** Supplied entries follows **
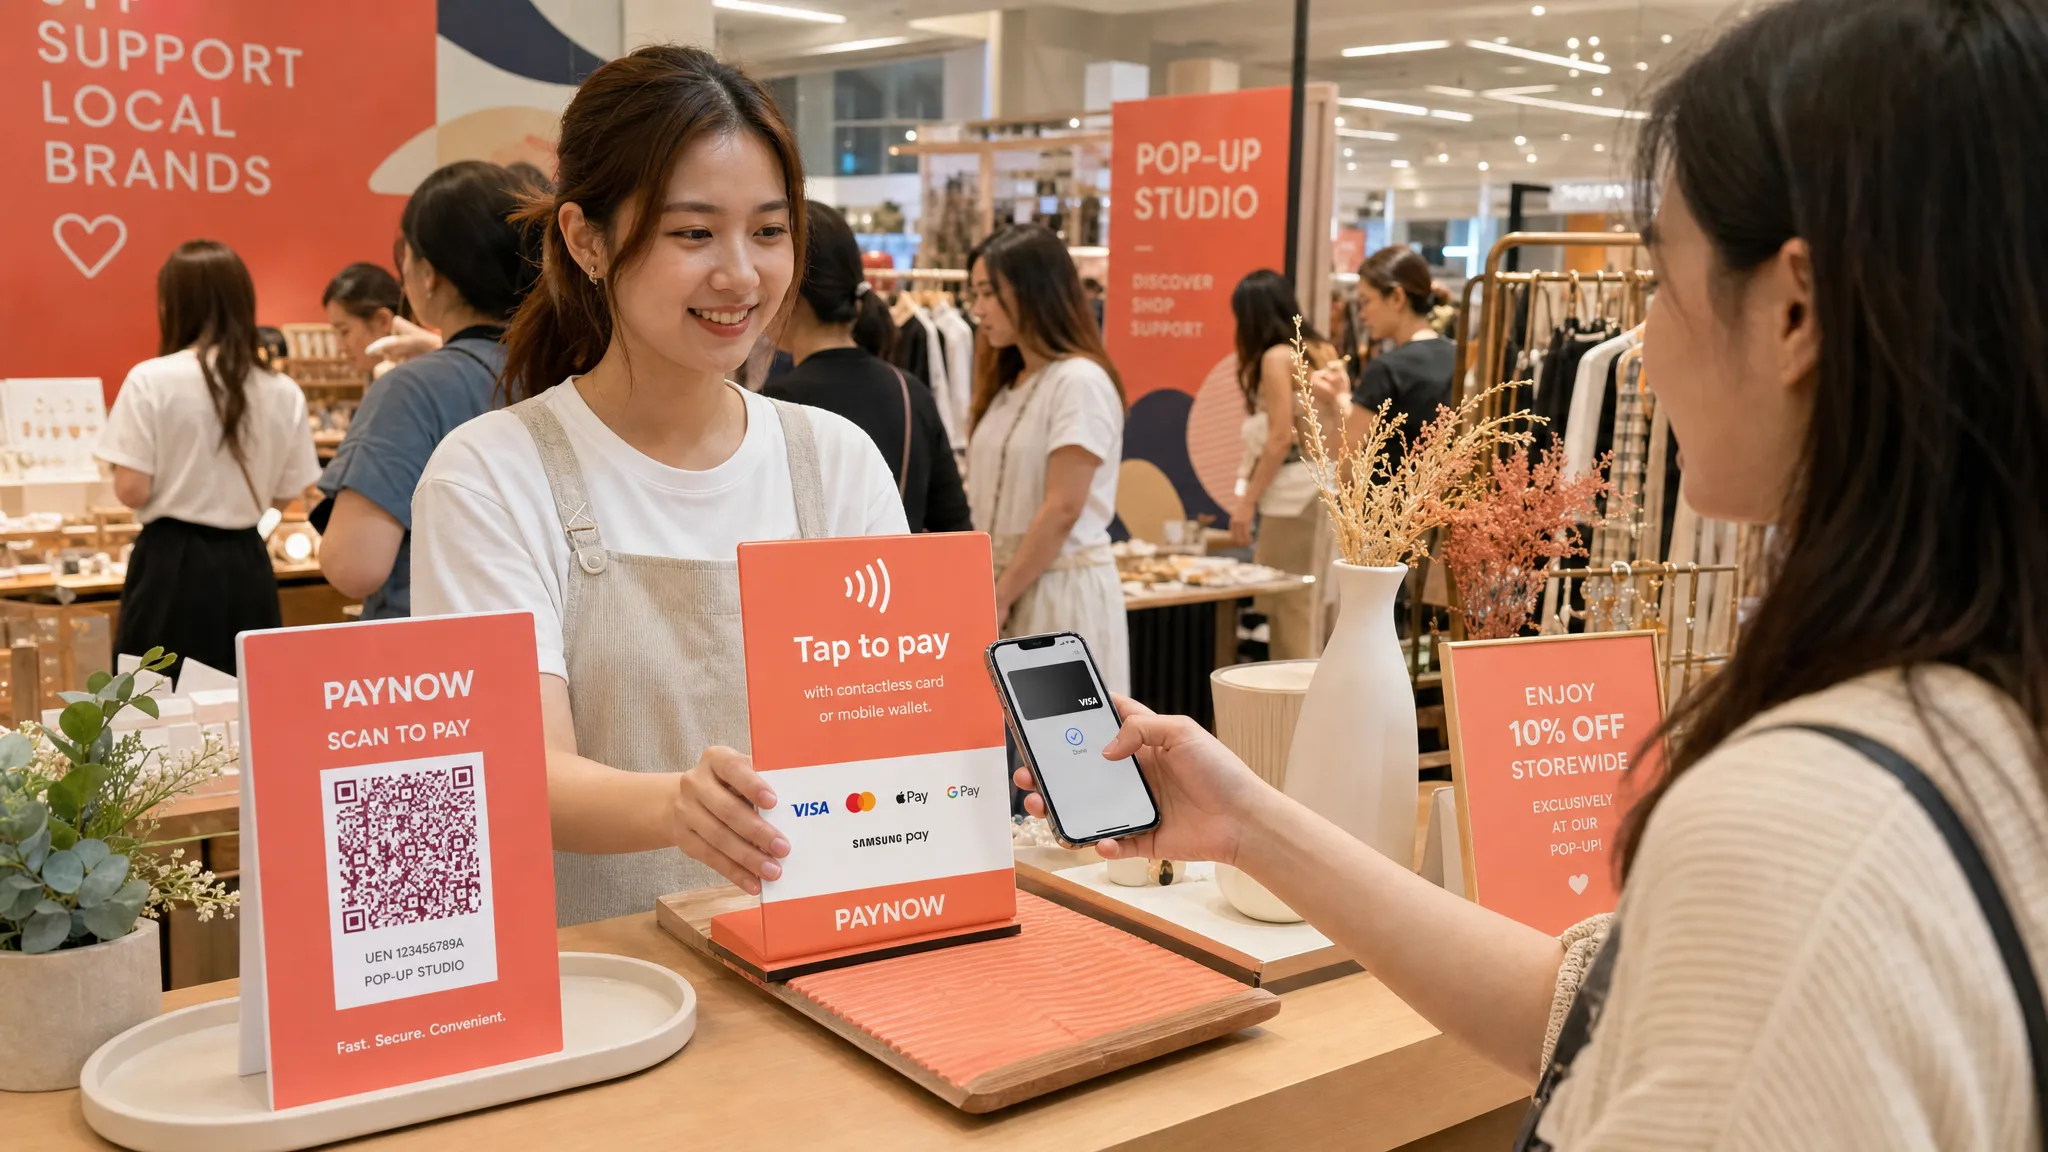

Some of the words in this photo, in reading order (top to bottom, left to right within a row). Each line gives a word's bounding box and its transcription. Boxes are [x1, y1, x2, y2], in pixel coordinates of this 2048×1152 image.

[38, 19, 303, 88] SUPPORT
[42, 80, 236, 138] LOCAL
[45, 140, 271, 196] BRANDS
[1136, 137, 1262, 176] POP-UP
[1134, 184, 1260, 221] STUDIO
[1132, 273, 1214, 291] DISCOVER
[1131, 296, 1175, 314] SHOP
[1130, 320, 1204, 338] SUPPORT
[793, 635, 851, 667] Tap
[858, 633, 890, 658] to
[898, 632, 950, 663] pay
[323, 669, 475, 710] PAYNOW
[804, 684, 833, 700] with
[836, 679, 913, 697] contactless
[915, 675, 944, 690] card
[1525, 682, 1595, 706] ENJOY
[819, 711, 833, 723] or
[838, 705, 885, 721] mobile
[888, 701, 932, 716] wallet.
[1078, 697, 1099, 707] VISA
[327, 727, 389, 751] SCAN
[395, 723, 427, 743] TO
[432, 718, 471, 740] PAY
[1508, 717, 1566, 747] 10%
[1572, 713, 1625, 742] OFF
[1511, 752, 1629, 780] STOREWIDE
[906, 791, 929, 805] Pay
[960, 785, 980, 799] Pay
[1533, 793, 1613, 814] EXCLUSIVELY
[791, 801, 830, 817] VISA
[1552, 820, 1567, 834] AT
[1571, 817, 1598, 832] OUR
[852, 834, 902, 849] SAMSUNG
[906, 830, 929, 844] pay
[1550, 838, 1602, 857] POP-UP!
[835, 894, 945, 931] PAYNOW
[365, 949, 393, 964] UEN
[396, 937, 465, 959] 123456789A
[365, 968, 413, 987] POP-UP
[417, 959, 465, 978] STUDIO
[337, 1038, 371, 1055] Fast.
[375, 1029, 426, 1047] Secure.
[429, 1011, 507, 1036] Convenient.
** End of Supplied entries **
Requirement ▸
List every line from the entries above in which "STUDIO" appears.

Answer for this exercise ▸
[1134, 184, 1260, 221] STUDIO
[417, 959, 465, 978] STUDIO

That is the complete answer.